It just got me to thinking of women who have attended our church in the past who interacted inappropriately with my husband.  As a wife, I find it my solemn duty and privilege to be on the front lines when it comes to praying for my husband about the temptations that the devil may bring through other women.  One thing I've noticed through the years is that when the Holy Spirit prompts me to pray about this issue, it never raises suspicion in my mind or heart that my husband is doing something wrong.  The Bible clearly states that "we are not ignorant of the devil's schemes", and history has certainly proven that bringing this type of temptation has taken many a minister completely out!  So I view this type of prayer for him as preventative, not reparative.  I also feel privileged to be in the position of holding the responsibility of guarding the man of God in this way.  Just as no one else can meet the physical needs of my husband, no one can really pray the way I can for him concerning this temptation either.  I see myself as his spiritual body guard and I feel a sense of honor to be in that position.  By guarding him, I am also helping to guard the flock that he shepherds and I like that.  

Through the years, I have noticed that there are 3 kinds of women that have a tendency to act inappropriately with my minister husband.  You may be able to identify other kinds, but these are the 3 that I have seen as we have been in ministry.  

  • The first kind I just call the innocents.  They are usually, but not always,  fairly young in the Lord.  They are usually not happy in their marriages and often unequally yoked.  They have a respect for the ministry on some level and often look at my hubby as the perfect mate or a better mate.  In their minds, a pastor is just a cut above all the rest of the men in the world and they desire to know and relate to him because they are intrigued by him or desirous of the characteristics that, in their minds, he possesses.  In him they see the things they should be receiving from the men in their lives but aren't.  Because they don't know any other way to gain proximity to a man, they knowingly or unknowingly flirt with him in an attempt to get nearer.  These kinds of women really don't bother me much.  I see them more as children who wait in line to see Santa Claus or a sports hero.  They are misguided and misinformed, but are not maliciously trying to destroy a marriage.  I do make sure that I am always beside my husband when he is engaged with these women in any way-both for his and their own protection. With a little discipleship and care, these women soon fall into proper relationship with their pastor and become a tremendous blessing in the body.  Once I figured this out, it was a lot easier for me to minister to these women. 

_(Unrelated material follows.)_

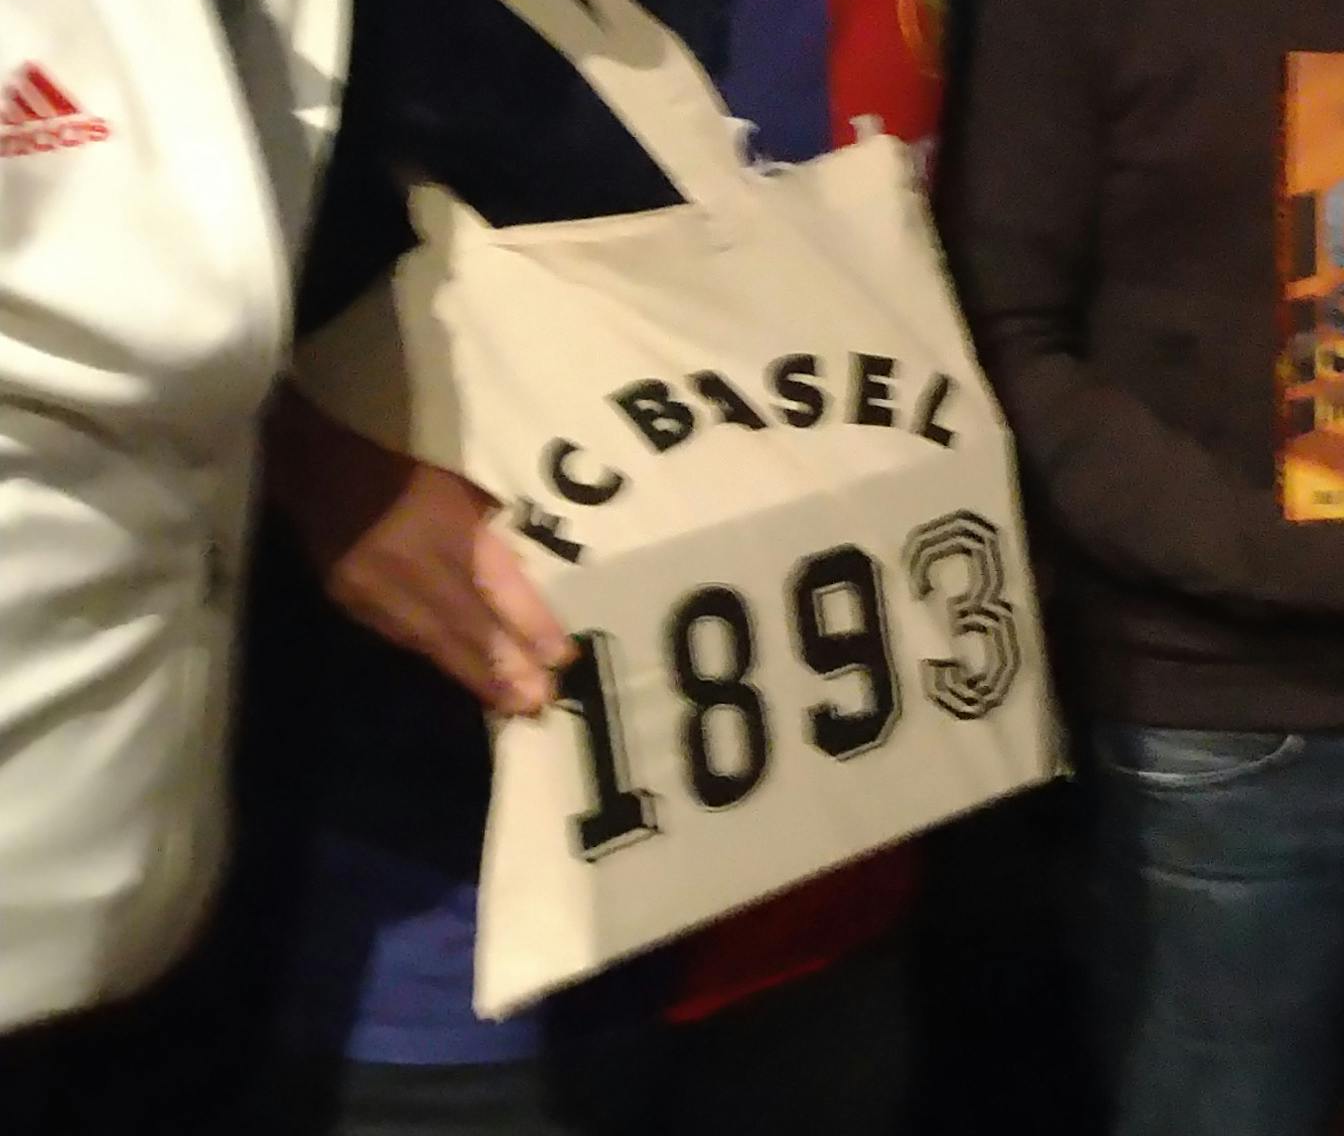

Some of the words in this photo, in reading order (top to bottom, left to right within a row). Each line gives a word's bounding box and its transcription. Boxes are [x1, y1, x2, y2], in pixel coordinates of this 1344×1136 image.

[510, 435, 629, 565] FC
[605, 350, 961, 453] BASEL
[554, 509, 1021, 863] 1893

  • The second kind of women I have observed are those with a spirit of lust. Because they are controlled by a lustful spirit, they see my husband's position as something to be desired and they lust for the power they feel they would have by being involved on a deeper personal level with him. Lust comes in 3 forms according to scripture, lust of the eyes, lust of the flesh and the pride of life.  It is indiscriminate about what it lusts for, but when fully developed in the heart of any person, it will use sexuality as a means to satisfy it's end.  Lust is a consumer.  It consumes the person it possesses and attempts to consume anything it puts it's attention on.  Women with this spirit are usually very well groomed and attractive.   They demonstrate an exaggerated amount of respect for the position that a pastor holds that is almost nauseating.  They are usually very flirtatious -but in a subtle way, very flattering and they say crude things all under the guise of being transparent.  One woman approached my husband when he was alone at the front of the church and asked him to pray for her crabs!  Then she wanted him to come to her house one afternoon for counseling.  He went, but because he is wise he took 2 staff members (one which was also a woman) with him.  She was alone in the house and was angry that he brought others with him.  Obviously, she was up to no good.  Towards me, she was demeaning and haughty.  Given a little more time she will develop into the third, and most dangerous type of woman that preys upon a Pastor.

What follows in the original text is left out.